The choice of Nobel Peace Prize laureate Mohamed ElBaradei as Egypt’s interim prime minister ran into opposition within the coalition that backed former Egyptian president Mohamed Morsi’s overthrow, as supporters and opponents of the ousted Islamist planned rival rallies yesterday.
The official MENA news agency on Saturday reported that interim president Adly Mansour had appointed Morsi’s outspoken liberal opponent, only for his office to later deny any final decision had been taken.
Reporters had already assembled at the presidential palace for promised statements from Mansour and ElBaradei, which were then abruptly called off.
Salafi Islamists, who gave their backing to Morsi’s overthrow in a military coup on Wednesday, are holding out against ElBaradei’s appointment, arguing that he was a divisive choice, a source close to the discussions told reporters.
Mansour adviser Ahmed al-Muslimani said ElBaradei, the former head of the UN nuclear watchdog the International Atomic Energy Agency, remained the “strongest candidate.”
“He is on top of the list of names,” al-Muslimani told reporters.
The aide held out an olive branch to Morsi supporters in the Muslim Brotherhood as its leaders vowed to press protests rejecting his ouster.
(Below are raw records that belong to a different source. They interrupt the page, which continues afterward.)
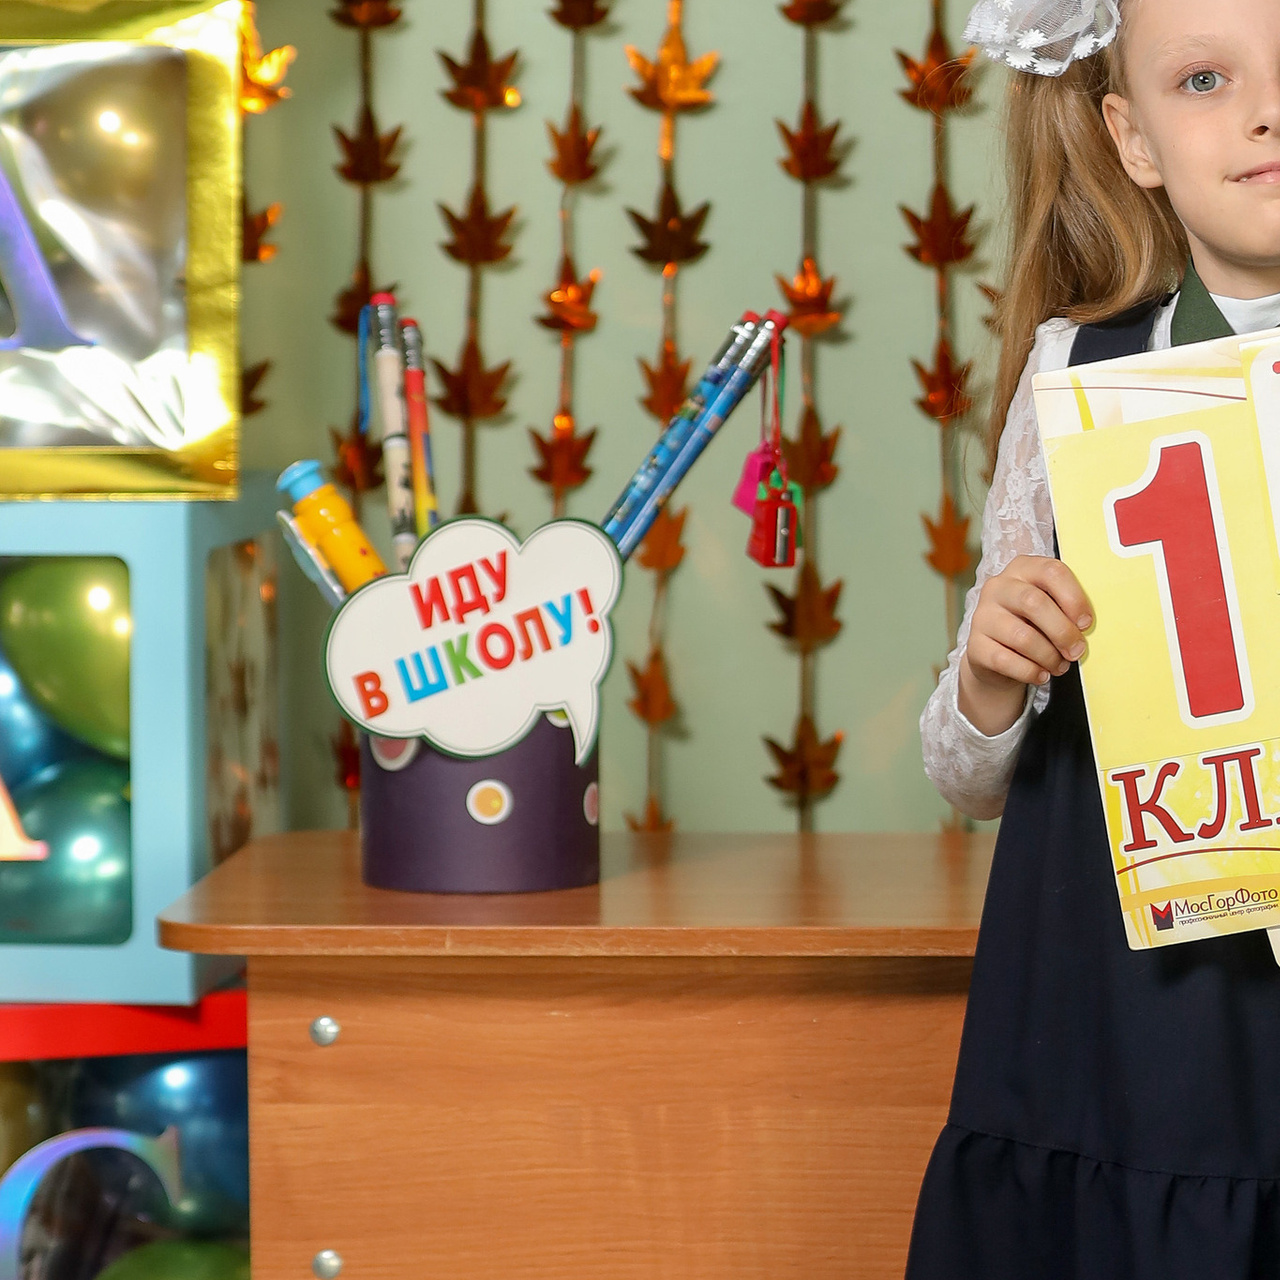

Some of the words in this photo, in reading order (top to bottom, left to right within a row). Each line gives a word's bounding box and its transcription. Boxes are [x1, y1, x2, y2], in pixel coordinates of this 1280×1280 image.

[409, 551, 508, 630] ИДУ
[1113, 441, 1245, 718] 1
[352, 669, 390, 721] В
[395, 587, 600, 704] ШКОЛУ!
[1174, 887, 1279, 917] МосГорФото
[1178, 911, 1229, 926] профессиональный
[1229, 908, 1245, 917] центр
[1245, 902, 1279, 915] фотографии
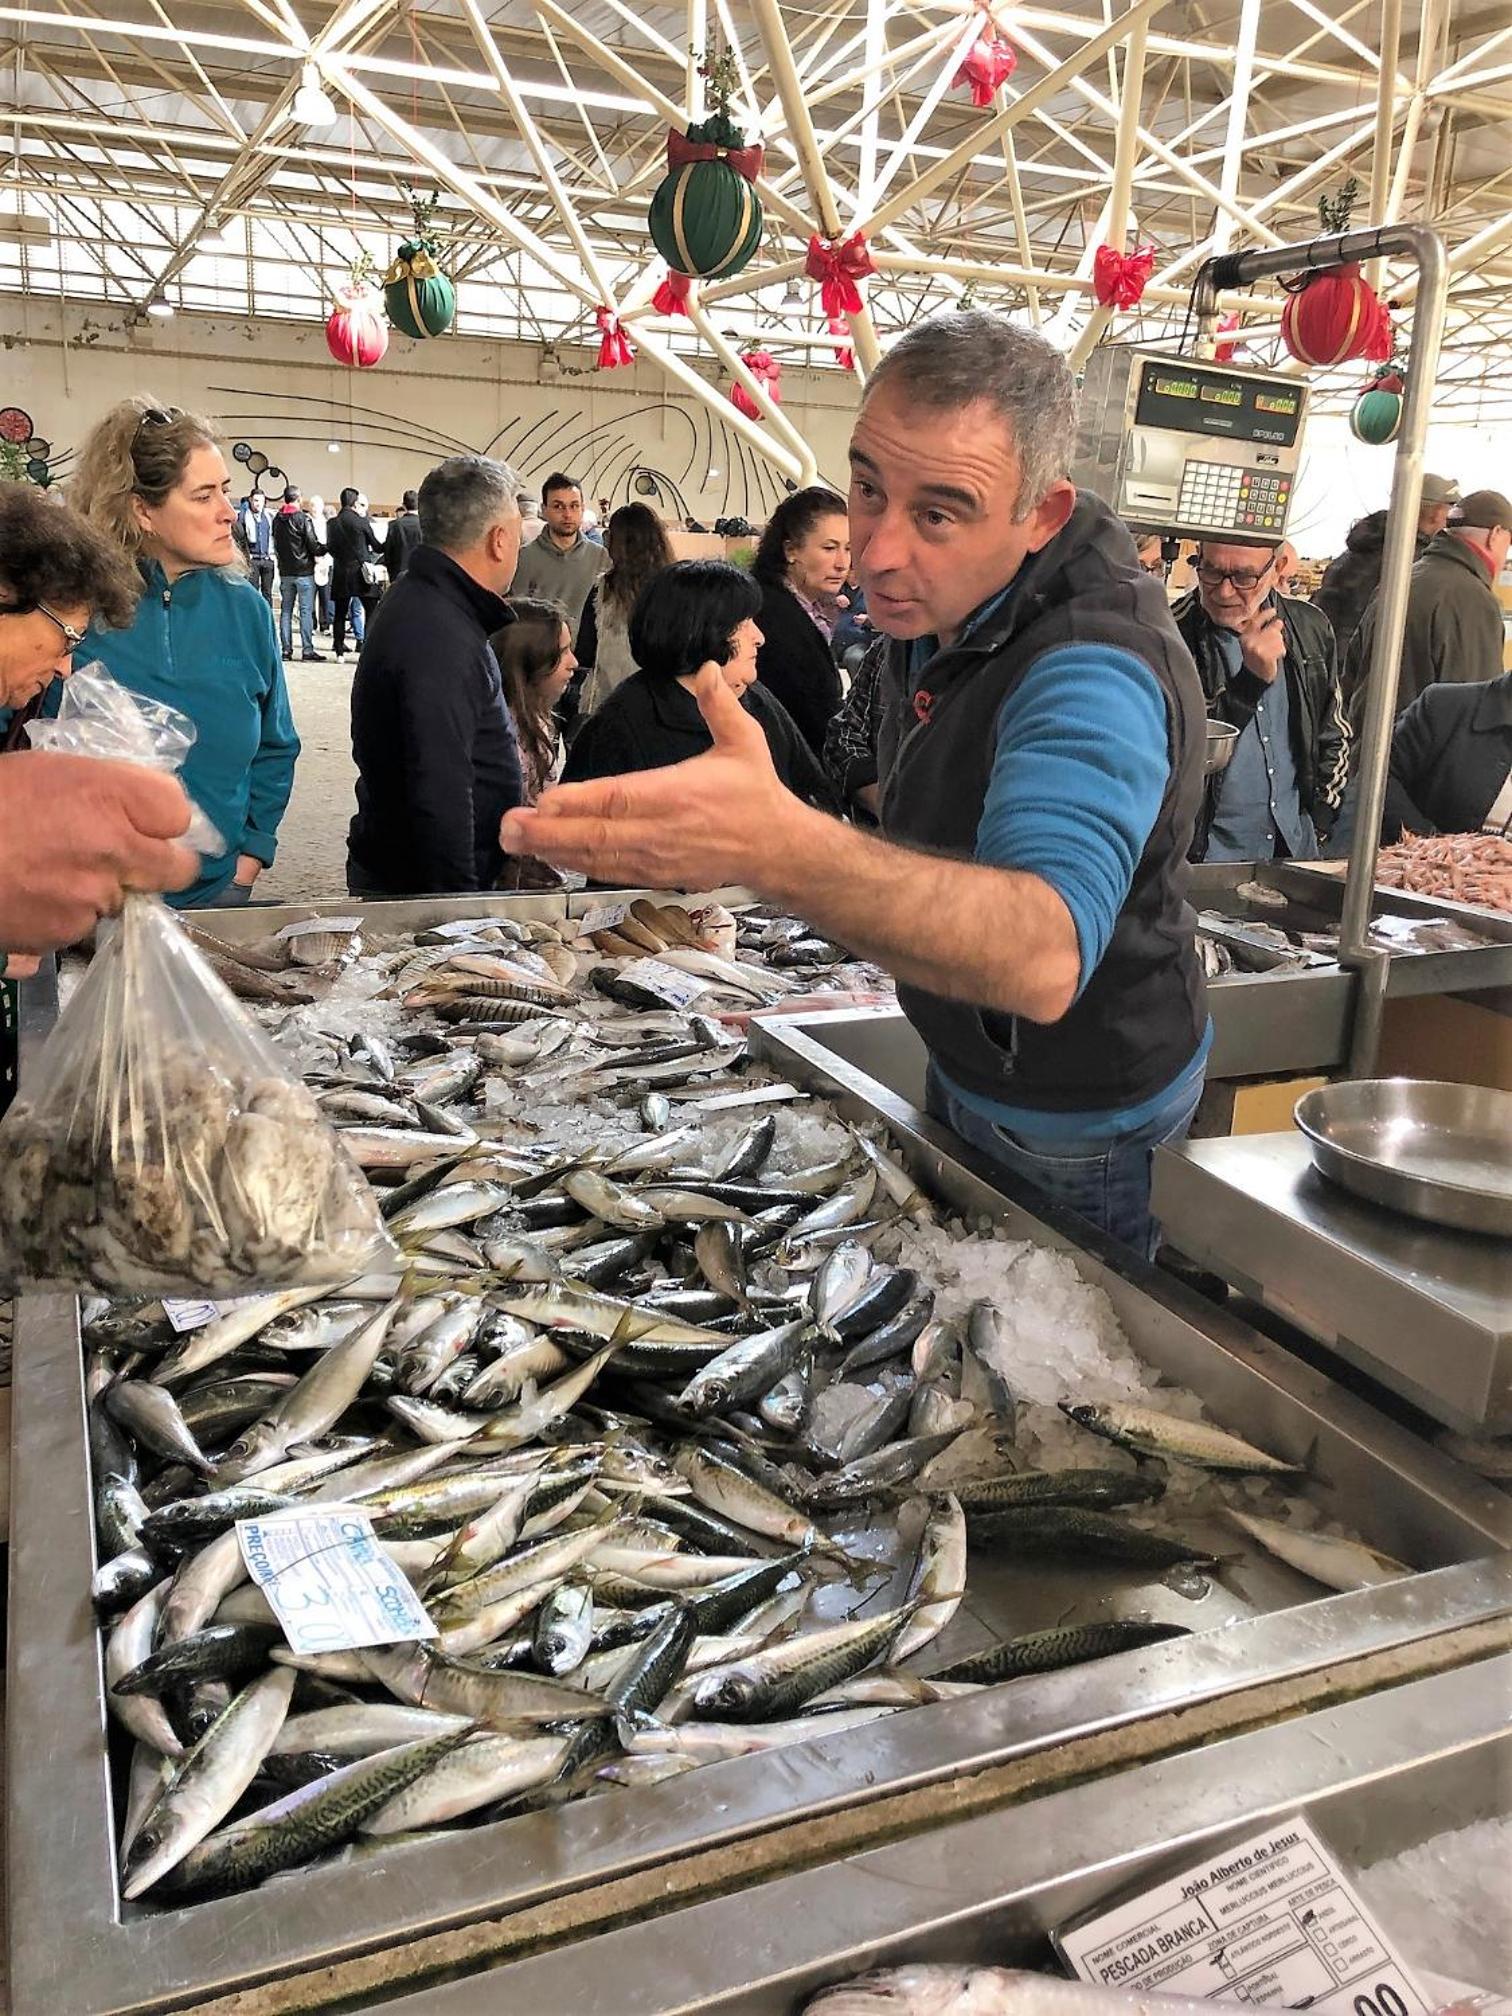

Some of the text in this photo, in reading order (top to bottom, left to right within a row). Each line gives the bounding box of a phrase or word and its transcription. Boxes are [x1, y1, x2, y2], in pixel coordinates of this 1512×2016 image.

[1180, 1832, 1300, 1901] João Alberto de Jesus
[1225, 1876, 1248, 1892] NOME
[1287, 1878, 1337, 1908] ARTE DE PESCA
[1091, 1924, 1161, 1965] NOME COMERCIAL
[1207, 1913, 1271, 1951] ZONA DE CAPTURA
[1099, 1917, 1210, 1986] PESCADA BRANCA
[1141, 1975, 1154, 1987] DE
[1152, 1954, 1195, 1981] PRODUÇÃO
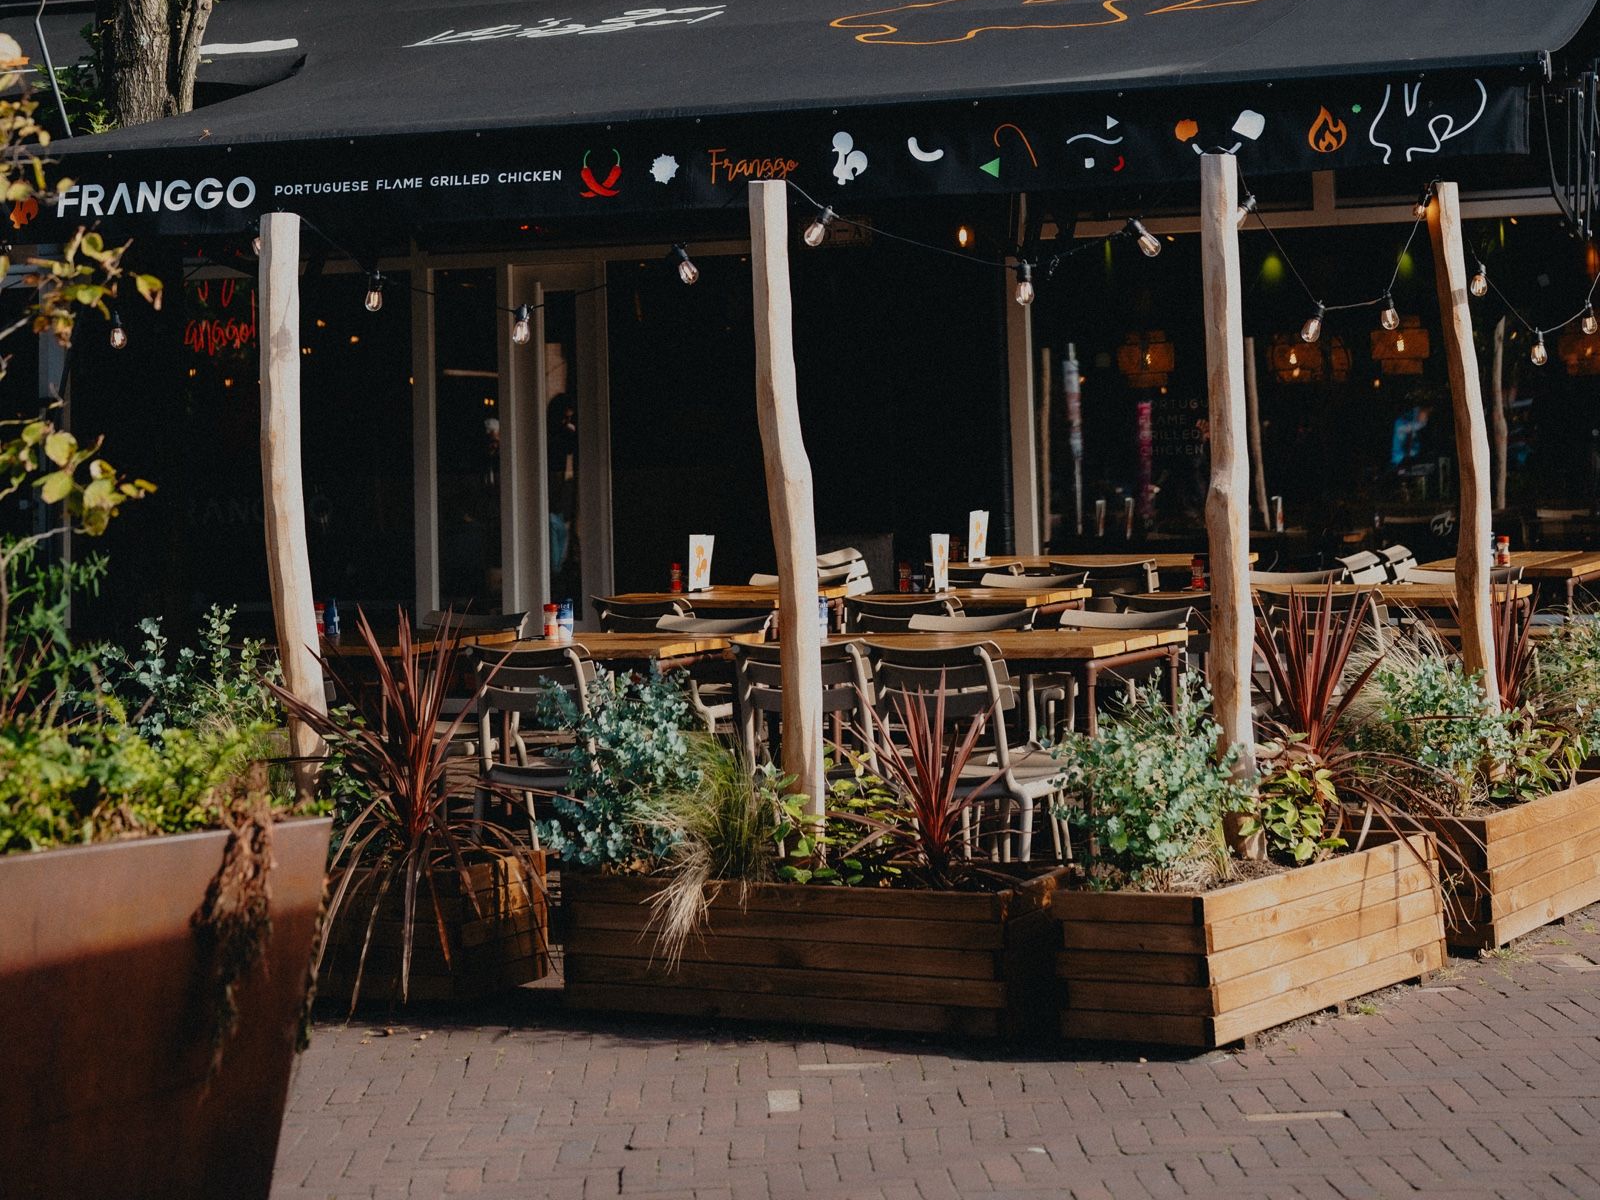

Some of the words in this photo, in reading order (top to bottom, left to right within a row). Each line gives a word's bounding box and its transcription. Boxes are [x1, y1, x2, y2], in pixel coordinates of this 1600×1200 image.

[274, 181, 369, 196] PORTUGUESE
[375, 177, 423, 191] FLAME
[430, 173, 490, 187] GRILLED
[497, 169, 562, 184] CHICKEN
[708, 148, 799, 185] Franggo
[57, 176, 256, 218] FRANGGO
“We extend our hand to the Muslim Brotherhood,” al-Muslimani told a press conference. “I think the Muslim Brotherhood has many opportunities in the coming period, to enter elections.”
The initial reports of ElBaradei’s appointment had been greeted with cheers in Cairo’s Tahrir Square and Ittihadiya presidential palace, where opponents of Morsi set off firecrackers, frantically waved Egyptian flags and honked car horns.
The celebrations came as the Muslim Brotherhood staged a new show of force to demand the military restore Morsi to power, after 24 hours of violence that left 37 people dead and more than 1,400 injured.
Tamarod, or Revel, the grass-roots youth movement which organized the mass protests against Morsi that prompted the Egyptian Army to intervene, called for new demonstrations yesterday to counter the Islamists, sparking fears of clashes.
Thousands of Morsi supporters on Saturday mourned four Brotherhood members killed during protests against Morsi’s ouster.
The imam told the tearful crowd gathered outside Cairo’s Rabaa al-Adawiya mosque to pray for the “martyrs of legitimacy.”
Morsi, who has been in detention since overnight on Wednesday, had issued a defiant call for his supporters to defend his “legitimacy” as Egypt’s first freely elected president, in a prerecorded speech posted shortly after his ouster.
Influential Egyptian-born Islamist cleric Yusuf al-Qaradawi issued a fatwa, or religious ruling, from his base in Qatar urging Egyptians to support Morsi.
Friday’s violence erupted despite talk of peaceful protests.
Residents of one Cairo district reported that bearded Islamists armed with machine guns, machetes and sticks clashed with them as they passed through their district overnight.
“The Brotherhood attacked the area with all kinds of weapons,” said Mohammed Yehya, who said he lost three friends in the mayhem.
In response, a spokesman for the Brotherhood’s Freedom and Justice Party told reporters: “Not everyone with a beard belongs to the Muslim Brotherhood.”
The bloodletting continued on Saturday with gunmen killing a Coptic Christian priest in the Sinai Peninsula.
Militants in Sinai also blew up a gas pipeline to Jordan — the first such attack in nearly a year — as soldiers and police came under attack by Islamist gunmen.
On Friday, armed Morsi supporters stormed the North Sinai Provincial Headquarters in the town of El-Arish and raised the black banner of al-Qaeda-inspired militants, a correspondent reported.
Morsi’s single year of turbulent rule was marked by accusations he failed the 2011 revolution by concentrating power in Brotherhood hands and letting the economy nosedive.
US President Barack Obama insisted the US was “not aligned” with any political party or group in Egypt following Morsi’s ouster.
Obama, who spoke with members of the US National Security Council by conference call, “condemned the ongoing violence across Egypt and expressed concern over the continued political polarization,” according to a White House statement.
“The United States categorically rejects the false claims propagated by some in Egypt that we are working with specific political parties or movements to dictate how Egypt’s transition should proceed,” the statement said. “The future path of Egypt can only be determined by the Egyptian people.”
Washington also echoed calls by UN Secretary-General Ban Ki-moon for a peaceful end to the crisis.
However, US Senator John McCain called for a suspension of US military aid to Cairo because the army had “overturned the vote of the people.”